File size: 2,254 Bytes

db5855f

# Kosmos-2: Multimodal Large Language Model and OpenVINO

[KOSMOS-2](https://github.com/microsoft/unilm/tree/master/kosmos-2) is a multimodal large language model (MLLM) that has new capabilities of multimodal grounding and 
referring. KOSMOS-2 can understand multimodal input, follow instructions, 
perceive object descriptions (e.g., bounding boxes), and ground language to the visual world.

Multimodal Large Language Models (MLLMs) have successfully played a role as a general-purpose interface across a wide 
range of tasks, such as language, vision, and vision-language tasks. MLLMs can perceive general modalities, including 
texts, images, and audio, and generate responses using free-form texts under zero-shot and few-shot settings. 

[In this work](https://arxiv.org/abs/2306.14824), authors unlock the grounding capability for multimodal large 
language models. Grounding capability 
can provide a more convenient and efficient human-AI interaction for vision-language tasks. It enables the user to point
 to the object or region in the image directly rather than input detailed text descriptions to refer to it, the model 
 can understand that image region with its spatial locations. Grounding capability also enables the model to respond 
 with visual answers (i.e., bounding boxes), which can support more vision-language tasks such as referring expression 
 comprehension. Visual answers are more accurate and resolve the coreference ambiguity compared with text-only 
 responses. In addition, grounding capability can link noun phrases and referring expressions in the generated free-form 
 text response to the image regions, providing more accurate, informational, and comprehensive answers.

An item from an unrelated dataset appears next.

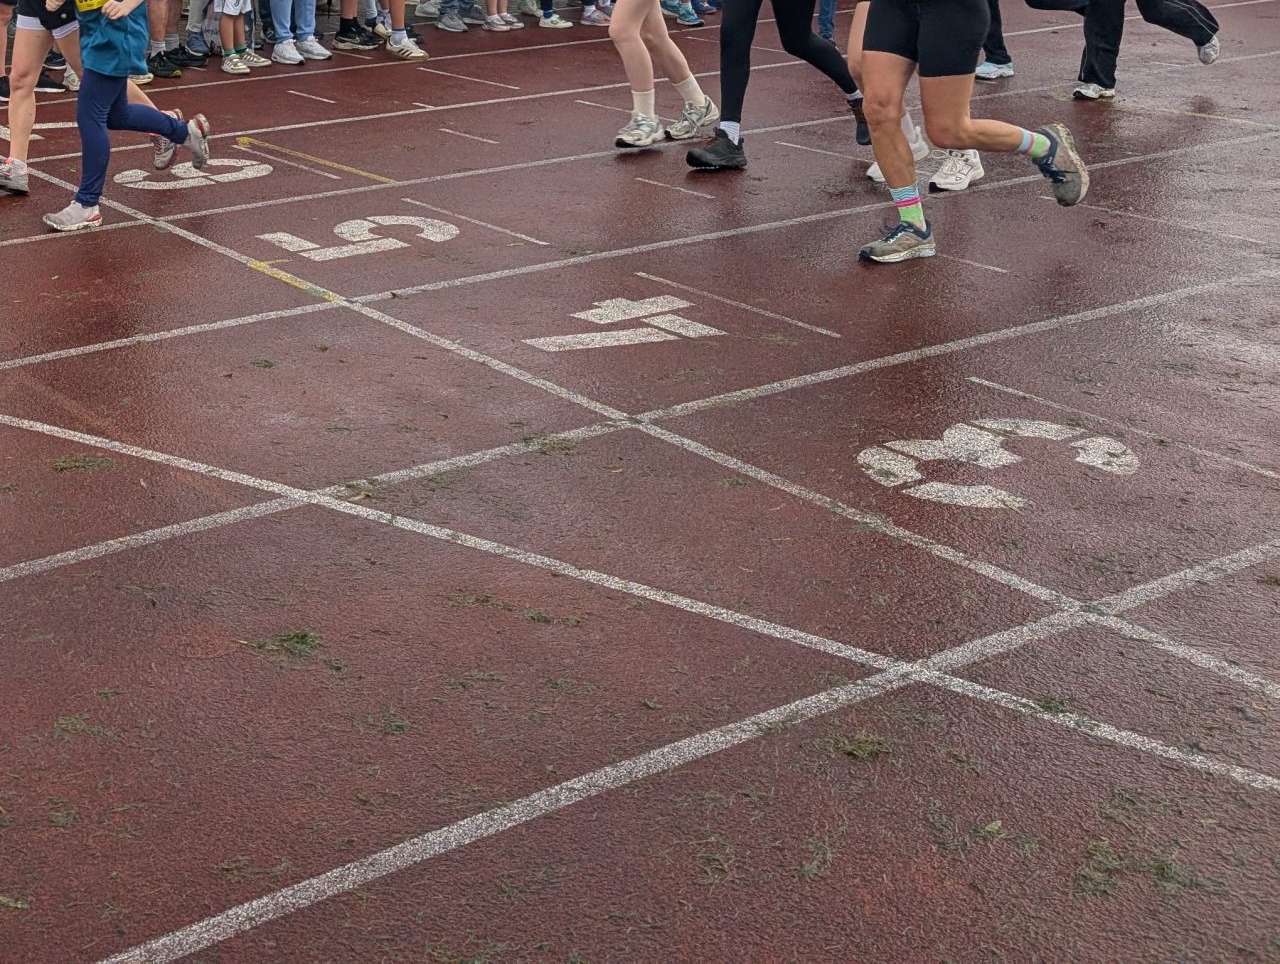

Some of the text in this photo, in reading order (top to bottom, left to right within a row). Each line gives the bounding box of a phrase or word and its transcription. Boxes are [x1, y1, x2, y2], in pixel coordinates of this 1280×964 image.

[256, 215, 460, 262] 5
[521, 294, 729, 352] 4
[856, 418, 1141, 509] 3

![image](https://huggingface.co/microsoft/kosmos-2-patch14-224/resolve/main/annotated_snowman.jpg)

## Notebook contents
- Prerequisites
- Infer the original model
- Convert the model to OpenVINO IR
- Inference
- Interactive inference

## Installation instructions
This is a self-contained example that relies solely on its own code.</br>
We recommend running the notebook in a virtual environment. You only need a Jupyter server to start.
For details, please refer to [Installation Guide](../../README.md).